Work task: The records below are to be set down word for word, with every picture left out.

[Dataset entries]
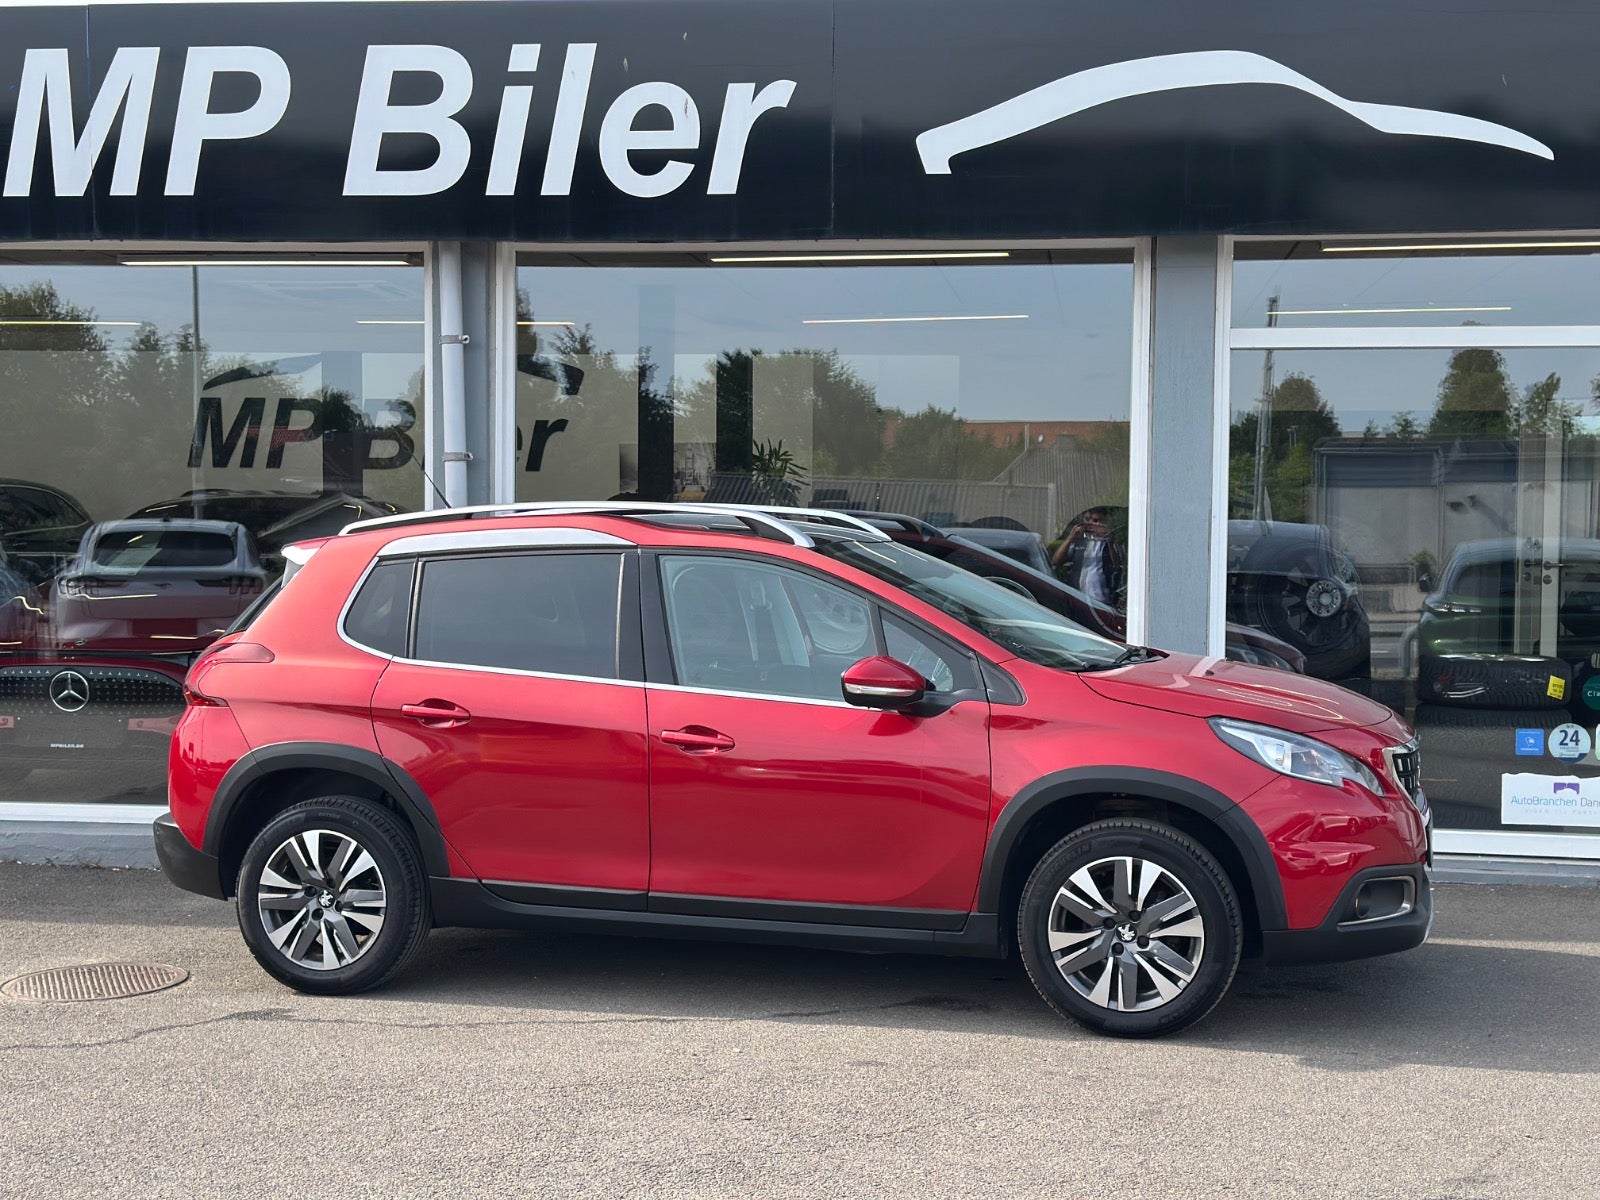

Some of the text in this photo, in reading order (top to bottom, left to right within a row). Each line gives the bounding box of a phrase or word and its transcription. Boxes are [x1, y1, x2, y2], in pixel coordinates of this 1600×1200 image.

[2, 42, 797, 198] MP Biler
[187, 396, 324, 470] MP
[1559, 729, 1581, 746] 24
[1510, 795, 1600, 807] AutoBranchen Dan

Exercise response:
Some of the text in this photo, in reading order (top to bottom, left to right within a row). Each line gives the bounding box of a phrase or word and its transcription. Boxes are [x1, y1, x2, y2], in pixel coordinates of this 1600×1200 image.

[2, 42, 797, 198] MP Biler
[187, 396, 324, 470] MP
[1559, 729, 1581, 746] 24
[1510, 795, 1600, 807] AutoBranchen Dan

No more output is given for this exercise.